Proper purpose: proper purpose was meant to prevent the company from suffering significant detriment or harm. The court gave two examples for establishing proper purpose; the minority shareholders are competing with the company or the expropriation is necessary to ensure that the company continues to comply with the law governing the company key business. As such, expropriation was justified in the case where the actions of shareholder were seen as competing with the company. Salman controls 10% of the shares in Astounding Gifts Pty Ltd and by accepting the accounting position in a company that was in direct competition with Astounding Ltd and further pursuing Melanie to provide his new employer with the same services she provided his former employer would be detrimental to his previous employer, Astounding Gifts Pry Ltd.
Fairness: fairness based on the Gambotto case ruling involved the majority shareholders revealing all the significant information pertaining the amendment of the constitution. Furthermore, the share price of the share should either be at market value or at a premium. Seeking the court intervention to stop an oppressive conduct, the plaintiff must prove that the amendment was unfairly prejudicial. In the case Wayde v NSW Rugby League Ltd (1985) 180 CLR 459to determine fairness is an objective test, the plaintiff must prove that the director’s actions were not justified. The directors decision to expropriate the shares was justified based on Salman’s’ actions.

Since there were no additional requirements that were to be met before amendments of the constitution were made, both Kody and Ryder controlled 90% of the shares meaning that they met the required threshold of 75% to pass resolution to amend the company constitution, meant that the amendments were binding. Moreover, Salman actions were in the best interest of his new employer and in this case formed the basis of a conflict of interest. Kody and Ryder being the majority shareholders had the right to expropriate his shares as his actions contravened those of an officer of a registered company.
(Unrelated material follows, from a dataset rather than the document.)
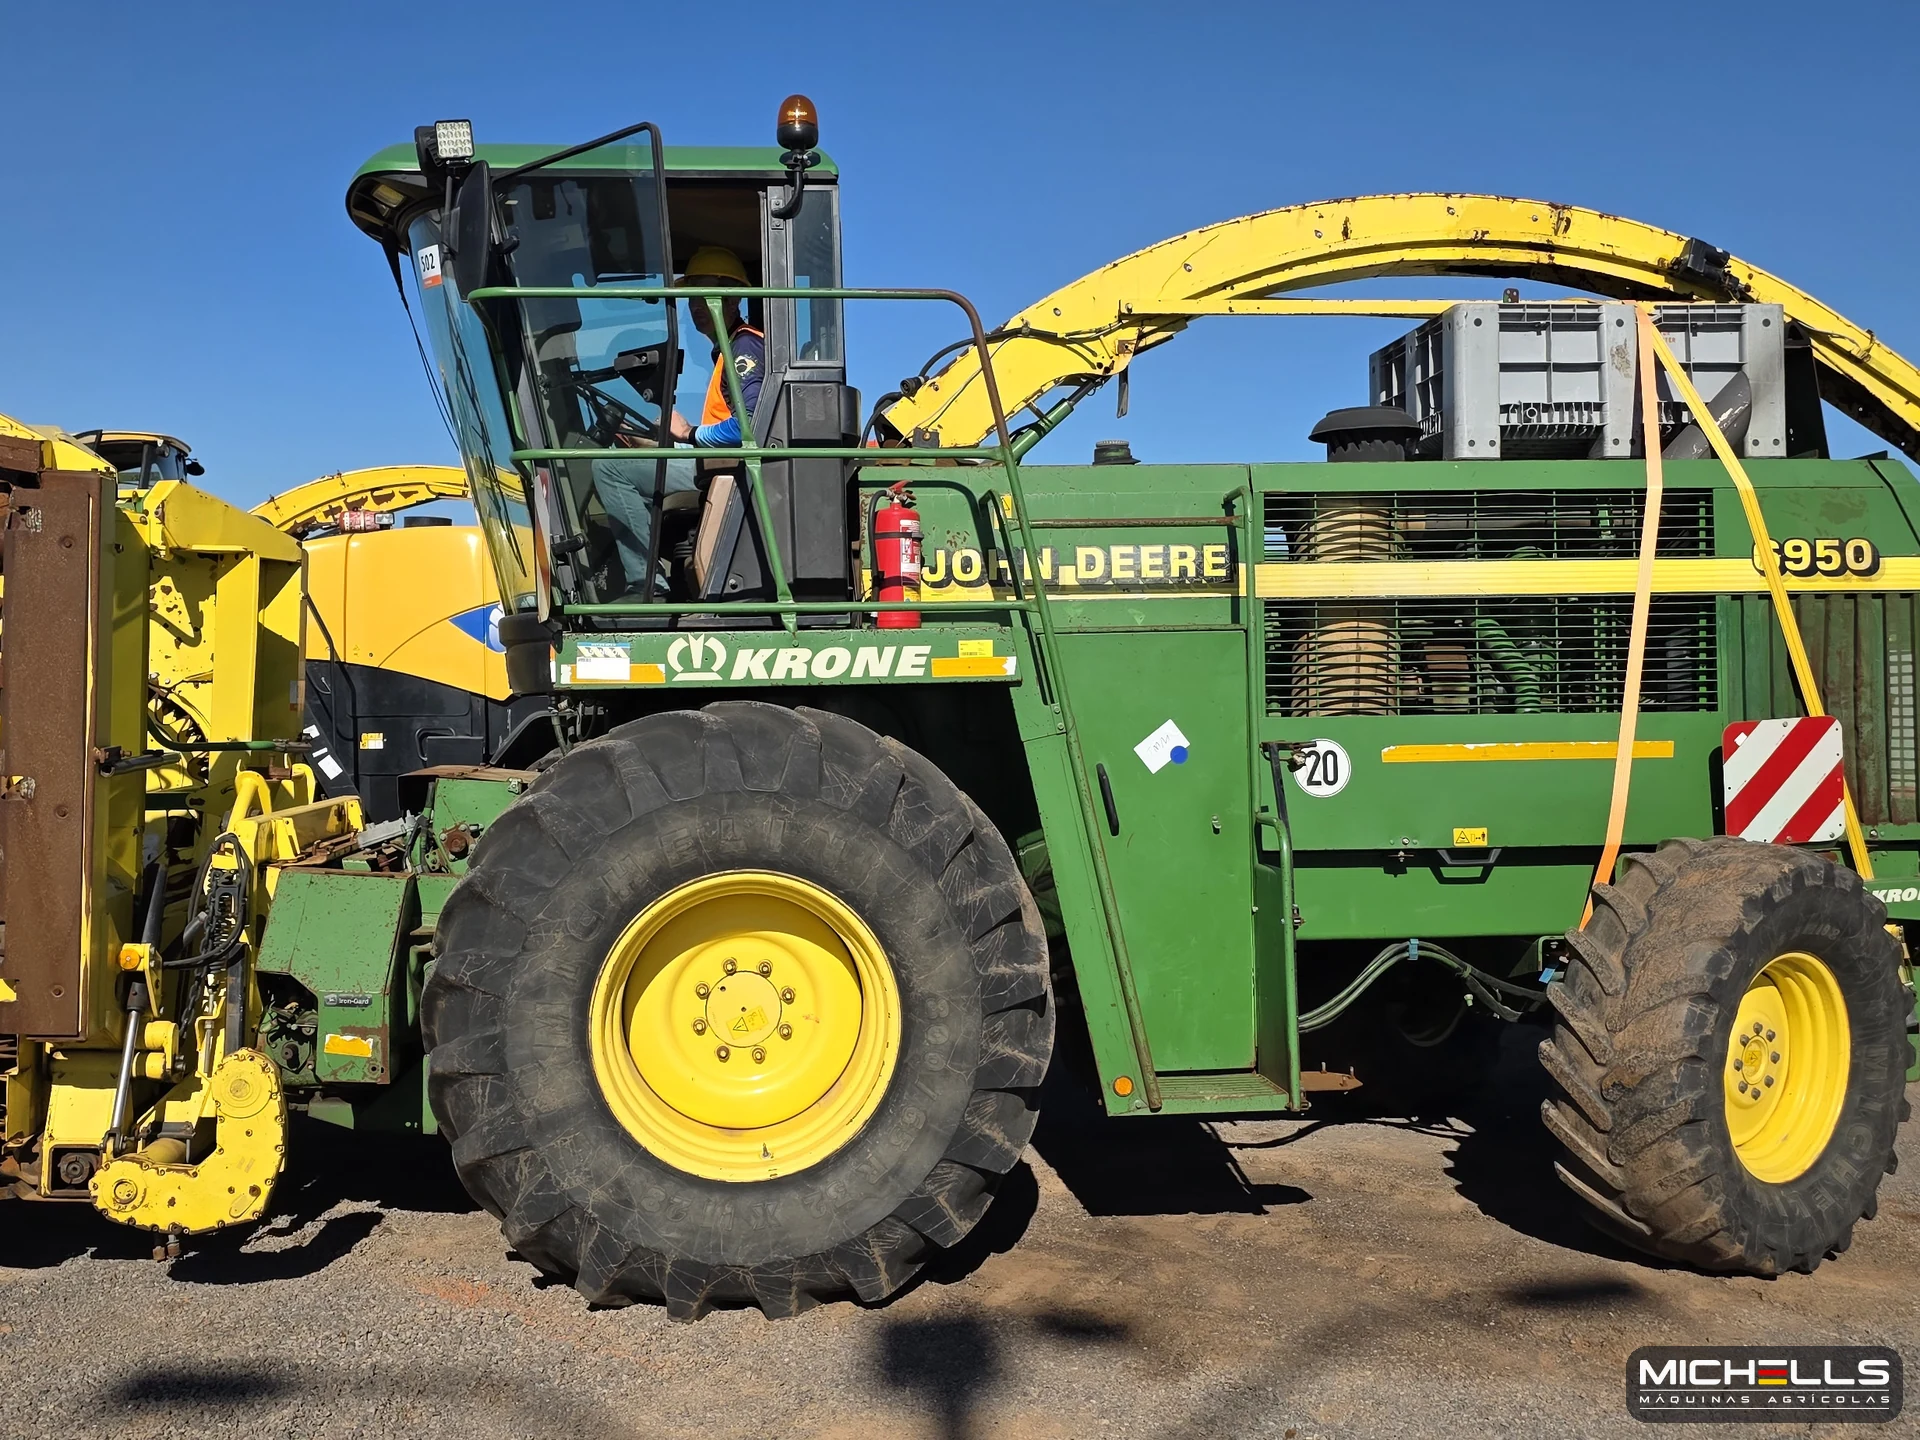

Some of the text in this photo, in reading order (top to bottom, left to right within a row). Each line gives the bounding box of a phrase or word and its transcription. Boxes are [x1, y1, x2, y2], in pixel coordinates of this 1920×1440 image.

Therefore, Salman has no legal redress in a court of law for the expropriation of Salman’s’ shares was in the best interest of Astounding Gifts Pty Ltd and was meant to further protect their principal business.
Question 1B
Astounding Gifts Pty Ltd. can argue that the contract between the company and Melanie is non-existent because it was entered before the registration of the name Astounding Gifts. When entering the contract, the company was meant to be registered as Incredible Gifts Pty Ltd. The court can be called in to determine the validity of the contract. For a period, Astounding Gifts Pty has being remitting $5,000 for the exclusive rights, which in essence ratifies the pre-registration contract. In this case, this can be an implied contract effected when payment is made for the purchase of the goods as determined in the case Aztech Science Pty Ltd v Atlanta Aerospace (Woy Woy) Pty Ltd.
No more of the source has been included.